Recently I realized how I act when I feel pressured by someone in conversation to respond a certain way. I was conversing with a possible roommate about when he could visit my house. He wanted to see the apartment when he was available, as any person would want to, which was this week. I knew I really had little to no free time this week, along with a couple of other deterrents to keep me from showing him my place. However, because he was persistent, and a bit pushy, I easily caved and said that I would meet with him soon. I believe many women may communicate similarly in which they do whatever they can to preserve the peace in conversations, as well as to keep the other party happy and content while sacrificing their needs. I realize sometimes I value being nice over being honest and doing what is best for myself. Women are taught, since birth, to be sweet, gentle, loving, and to not create conflict. By calling a girl "precious", "sugar", and other names we could unconsciously make her believe that she needs to act "perfect" in order to receive compliments, or being "nice" makes her a good person. This fact was also apparent in a radio show that I listened to while in the car. The announcer was talking about a female artist named Jas Stone. The female announcer said that this artist "used to be such a nice girl" and that the artist's new push away from her recording label somehow took away from her nice demeanor. The radio announcer then went on to talk about another artist, Bruce Springsteen, and described him using stronger words such as "Bruce and his rocking music" and did not reveal details about his character. This is because society believes that it is more important for a woman to be nice, and a guy to be strong and/or cool. I was outraged at how this female artist was being depicted, simply because she was showing assertion. Through these realizations, I decided to call the possible renter back, and better express my needs. Next time I will be more aware of the "nice girl" stereotype, and I will work harder to defy it.

1 comment:

  1. Maria,

    It is amazing how when we are more aware, we realize that we are constantly being bombarded by negative portrayals of women.
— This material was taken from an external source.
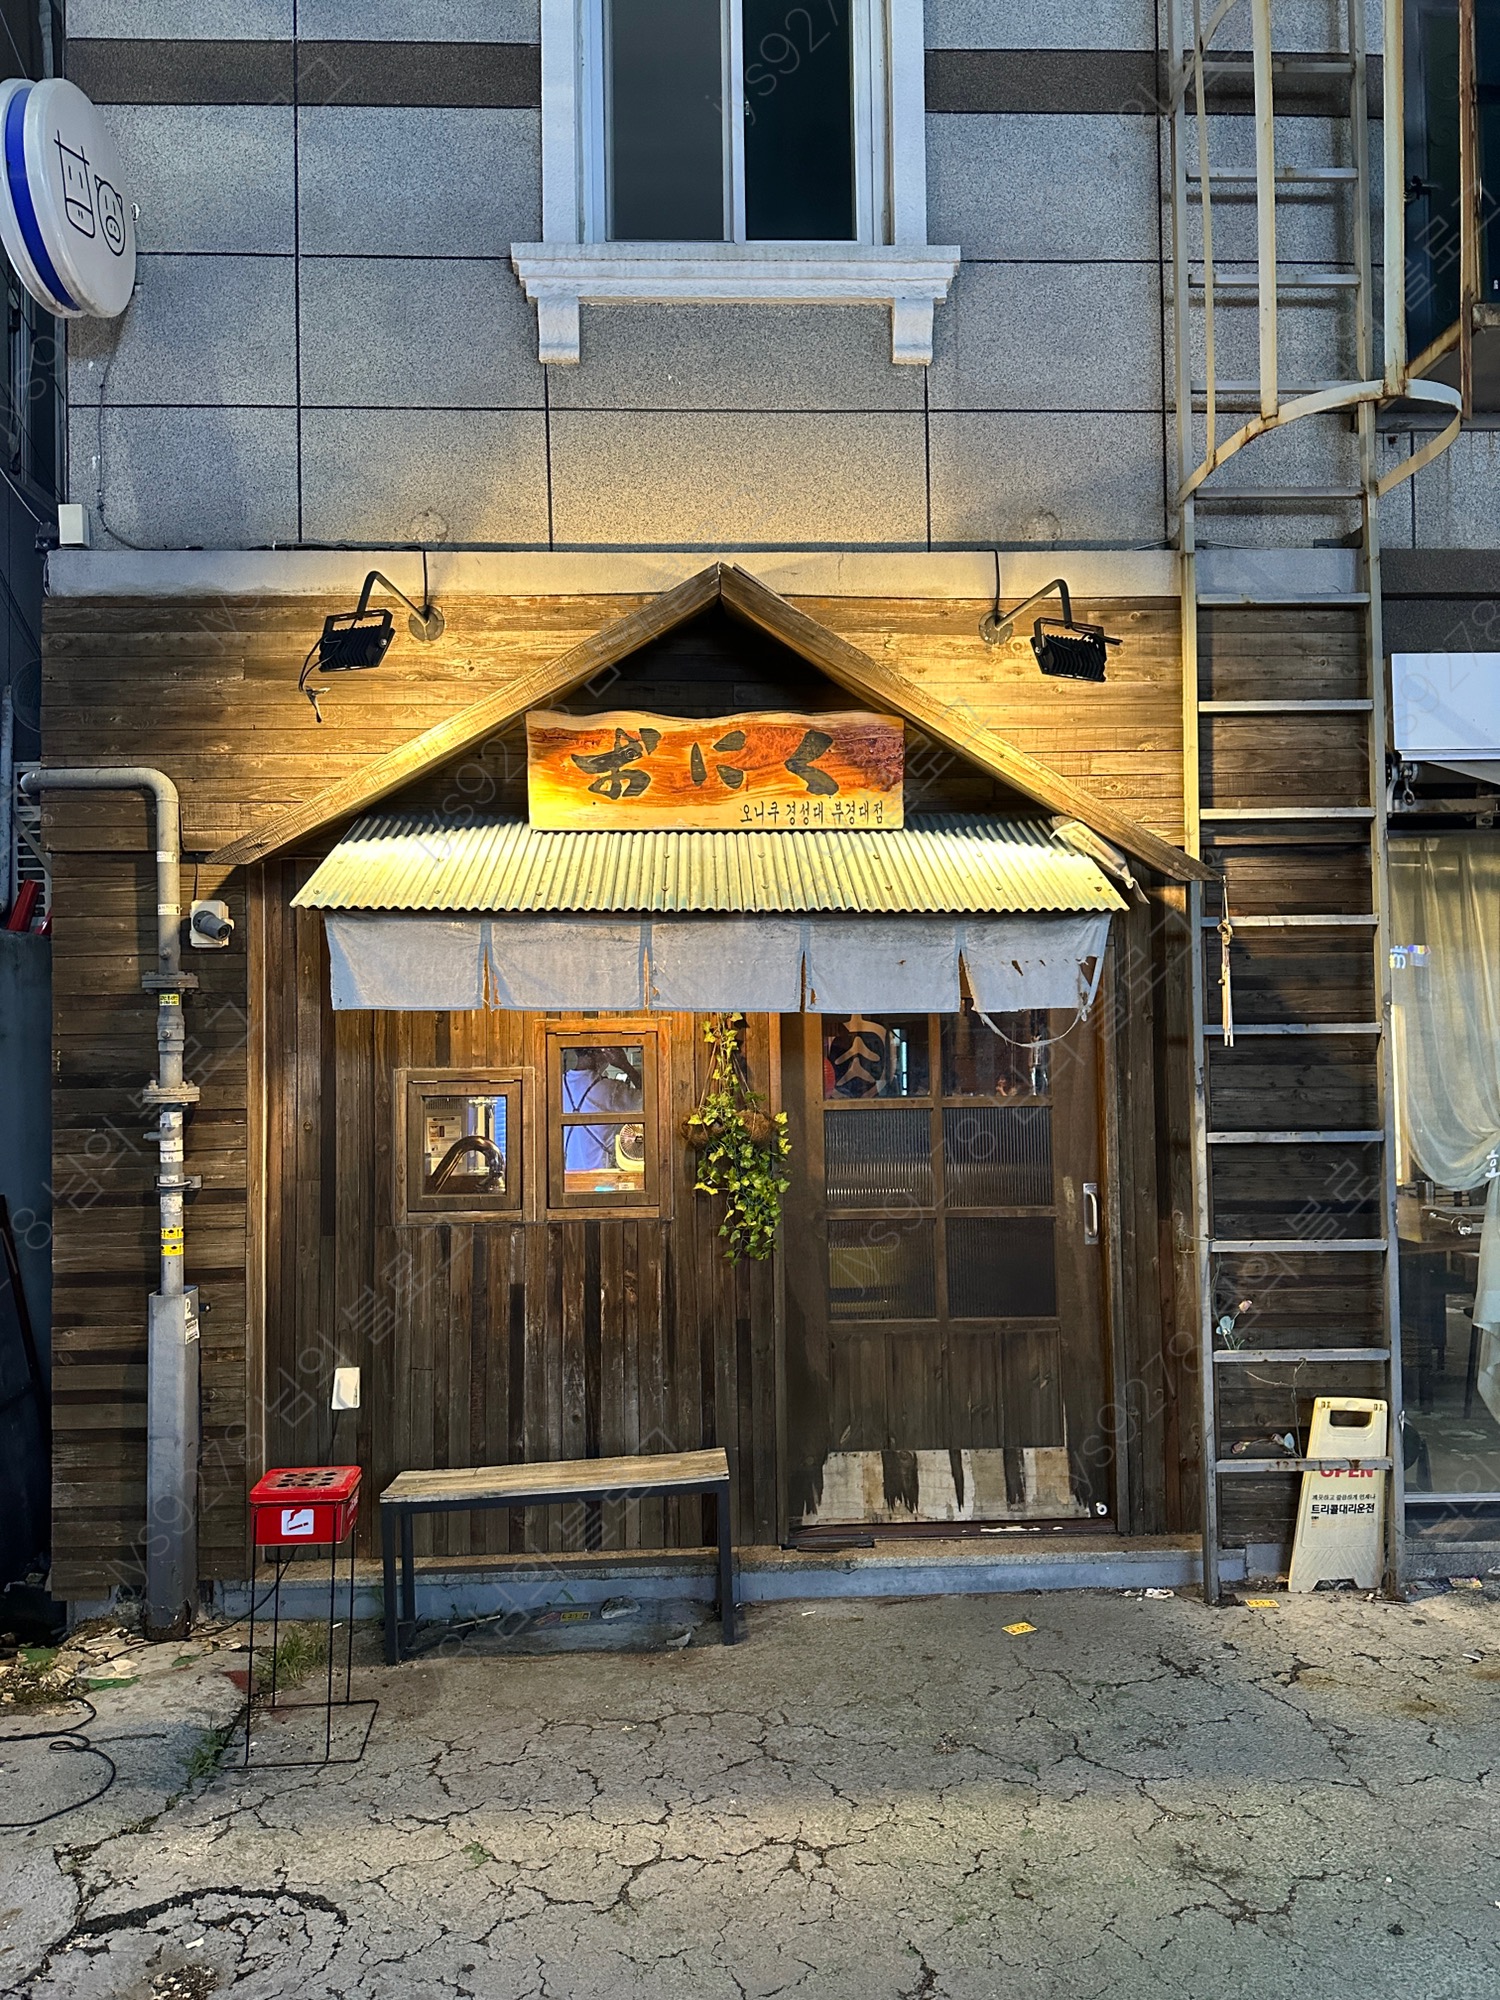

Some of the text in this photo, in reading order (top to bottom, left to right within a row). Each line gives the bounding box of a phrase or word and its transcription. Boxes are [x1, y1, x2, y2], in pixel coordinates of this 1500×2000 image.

[570, 727, 839, 800] おにく
[740, 800, 884, 826] 오니쿠 경성대 부경대점
[1311, 1503, 1375, 1514] 트리콜대리운전
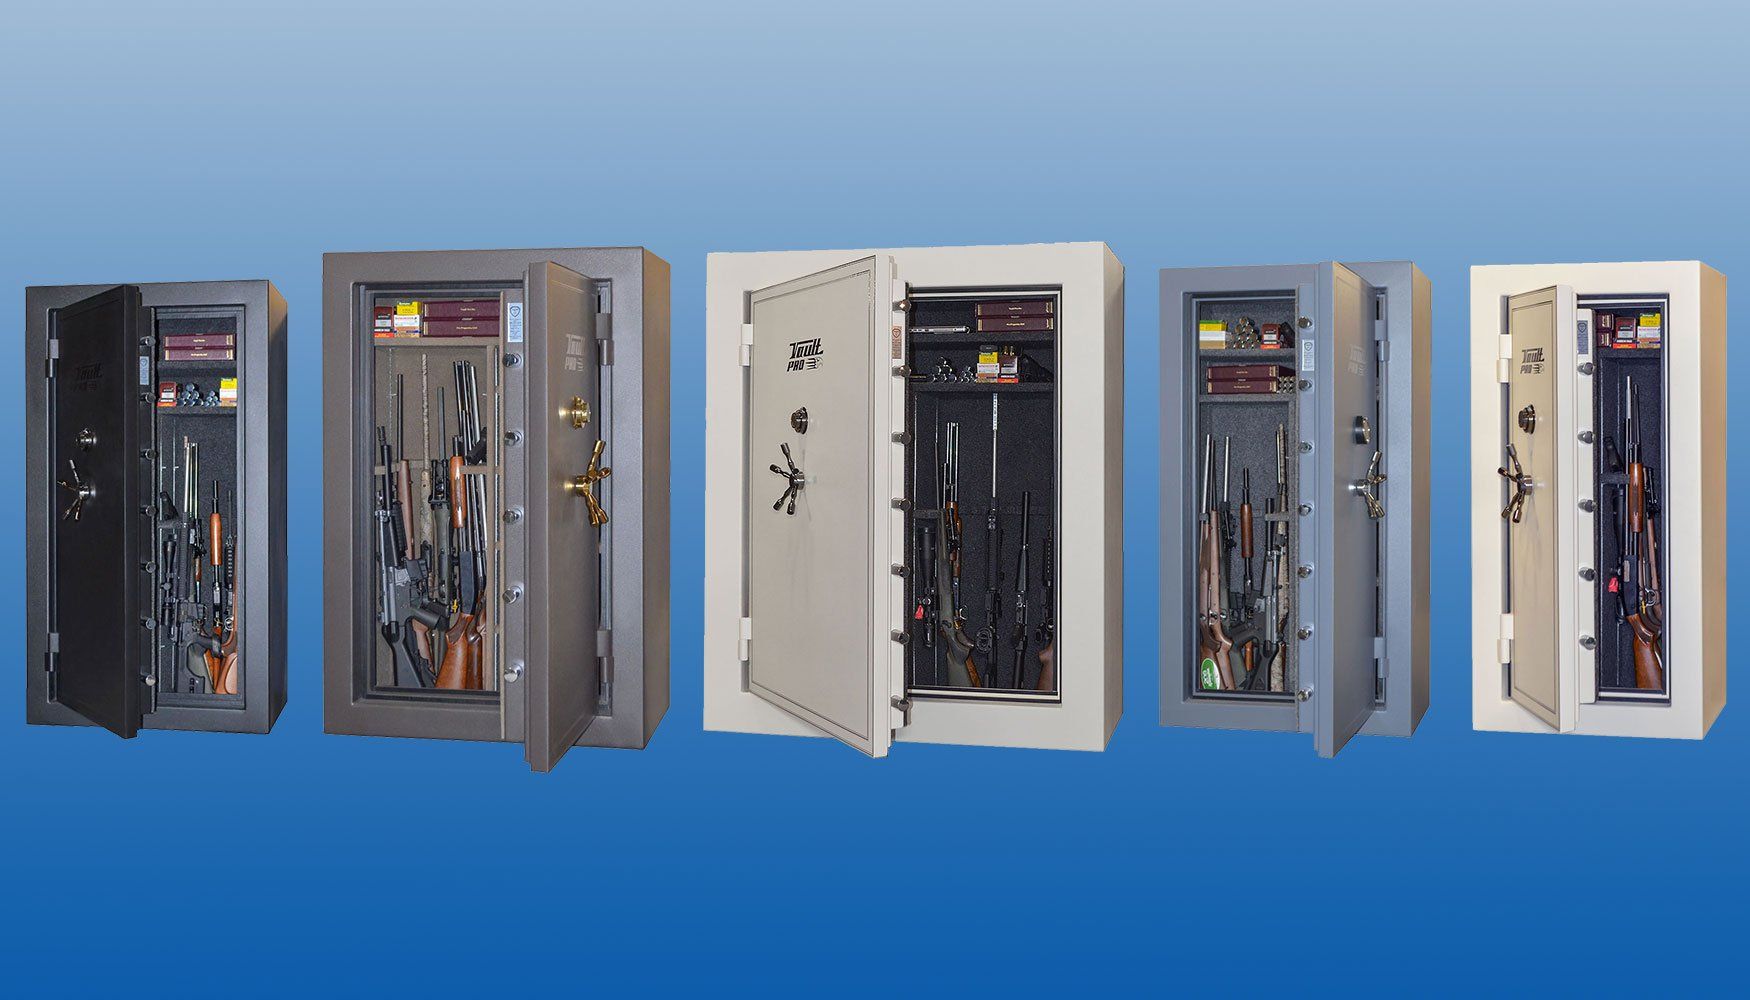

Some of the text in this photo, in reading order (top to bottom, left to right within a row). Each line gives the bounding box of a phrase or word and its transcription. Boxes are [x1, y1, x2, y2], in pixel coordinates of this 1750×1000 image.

I can totally identify with your experience, but I am a man – so am I being feminine or is this more about personality than it is about gender? Here is my point, like you I almost always put others needs over my own. I am a “people pleaser” almost to a fault, and I will admit that a lot of it stems from my own insecurities and the insatiable desire to be liked – no matter what. This started very early in my life, growing up as a bi-racial child and never really being accepted by anyone (blacks or whites) and my entire purpose became one of making sure you liked me and that you thought that I was a “nice guy”. So for me it wasn’t about society’s view of how I should act, but more about being validated and accepted. What was the outcome of your call with the renter? Did you detect any animosity from him indicating that you were not “acting like a girl” by being a little more assertive and taking a little control? Thanks for sharing this, I too need to start putting myself on the top of the list (right now just making the list would be a good start!).